Do Spatial Designs Outperform Classic Experimental Designs uri icon

abstract

  • Controlling spatial variation in agricultural field trials is the most important step to compare treatments efficiently and accurately. Spatial variability can be controlled at the experimental design level with the assignment of treatments to experimental units and at the modeling level with the use of spatial corrections and other modeling strategies. The goal of this study was to compare the efficiency of methods used to control spatial variation in a wide range of scenarios using a simulation approach based on real wheat data. Specifically, classic and spatial experimental designs with and without a two-dimensional autoregressive spatial correction were evaluated in scenarios that include differing experimental unit sizes, experiment sizes, relationships among genotypes, genotype by environment interaction levels, and trait heritabilities.
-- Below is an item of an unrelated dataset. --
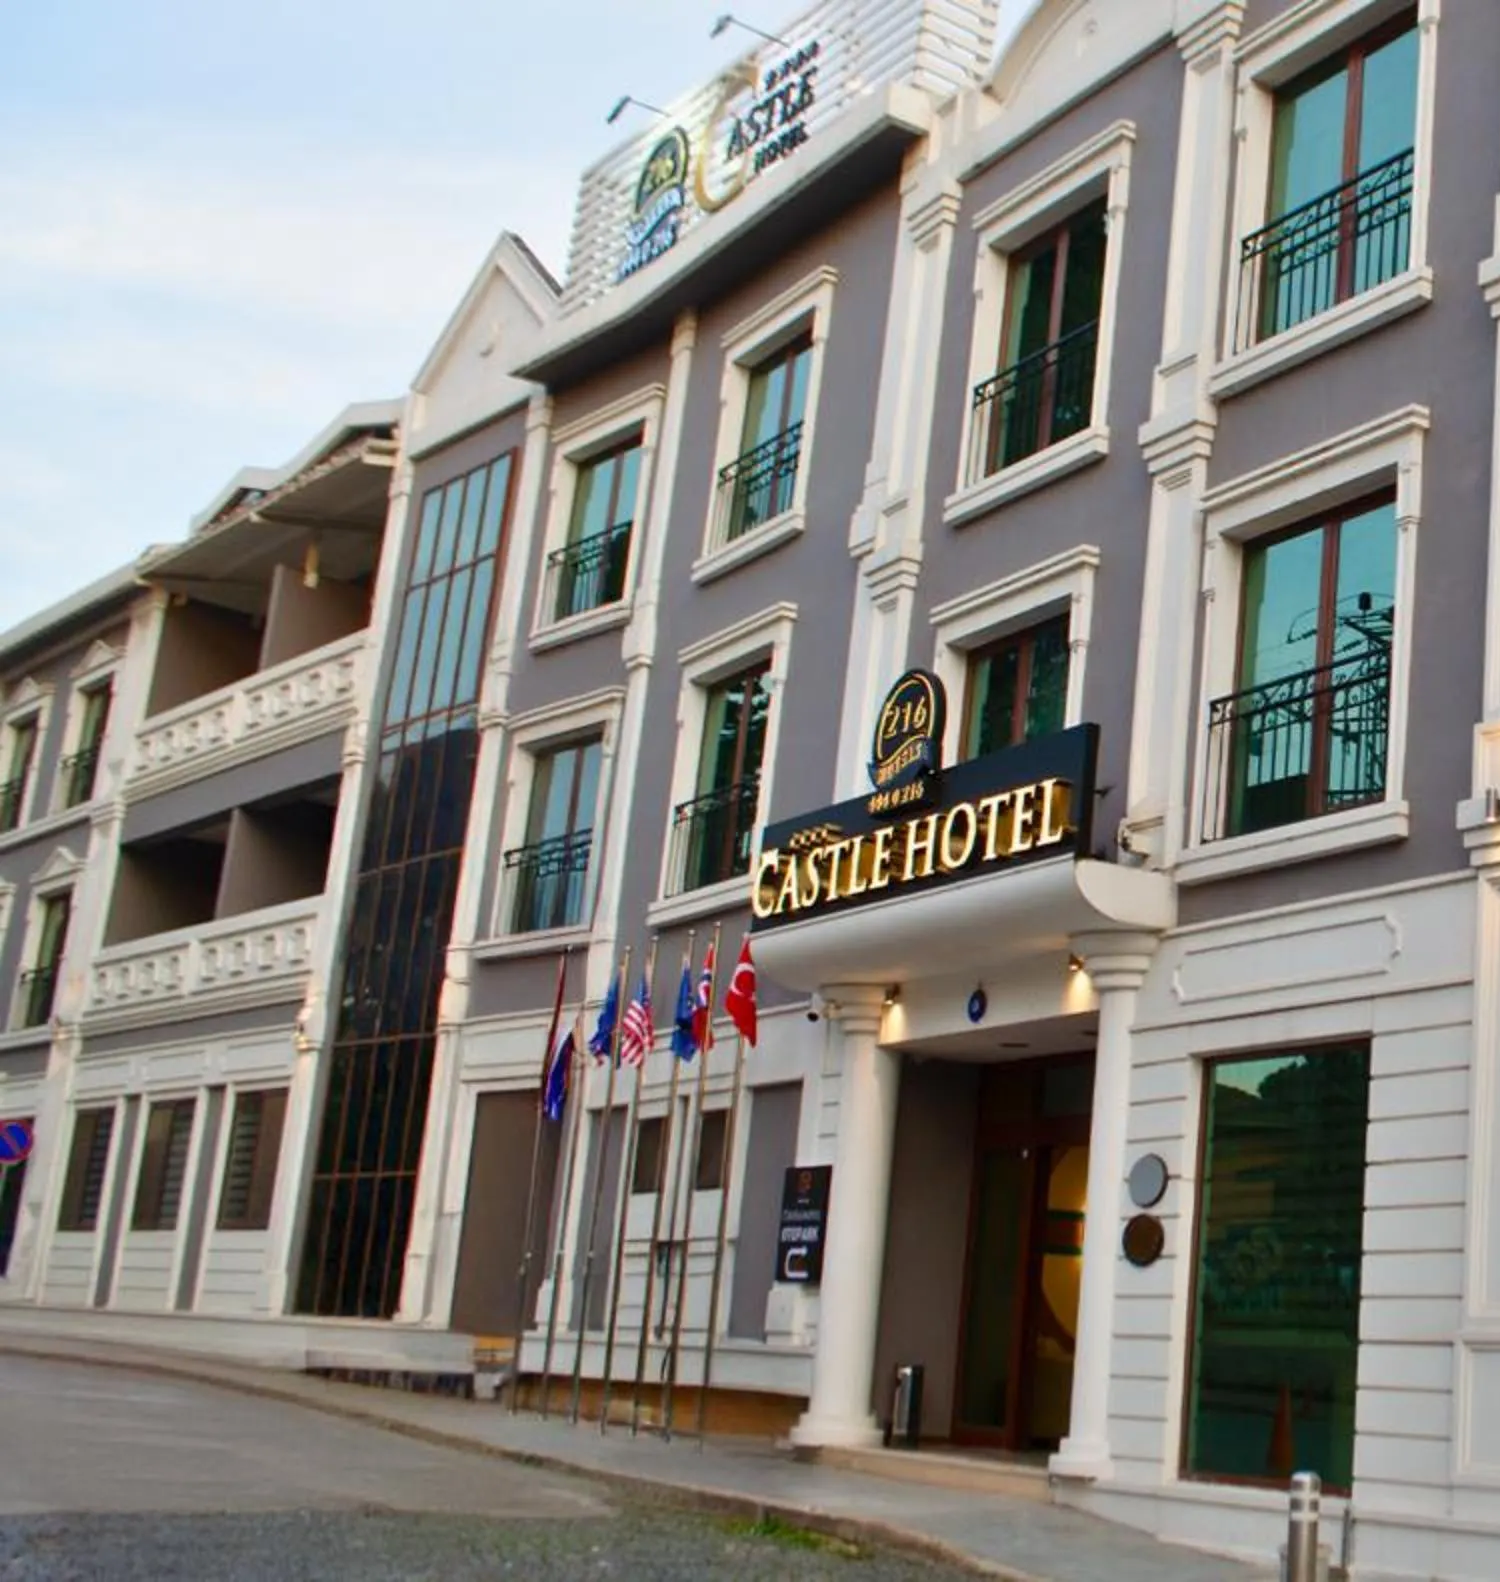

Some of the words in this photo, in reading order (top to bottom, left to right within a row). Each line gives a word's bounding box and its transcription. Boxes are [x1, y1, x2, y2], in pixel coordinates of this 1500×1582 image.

[884, 696, 928, 739] 216
[752, 826, 894, 918] CASTLE
[902, 778, 1066, 881] HOTEL
Fully replicated designs outperformed partially and unreplicated designs in terms of accuracy; the alpha-lattice incomplete block design was best in all scenarios of the medium-sized experiments. However, in terms of response to selection, partially replicated experiments that evaluate large population sizes were superior in most scenarios. The AR1 x AR1 spatial correction had little benefit in most scenarios except for the medium-sized experiments with the largest experimental unit size and low GE. Overall, the results from this study provide a guide to researchers designing and analyzing large field experiments. Supplementary materials accompanying this paper appear online.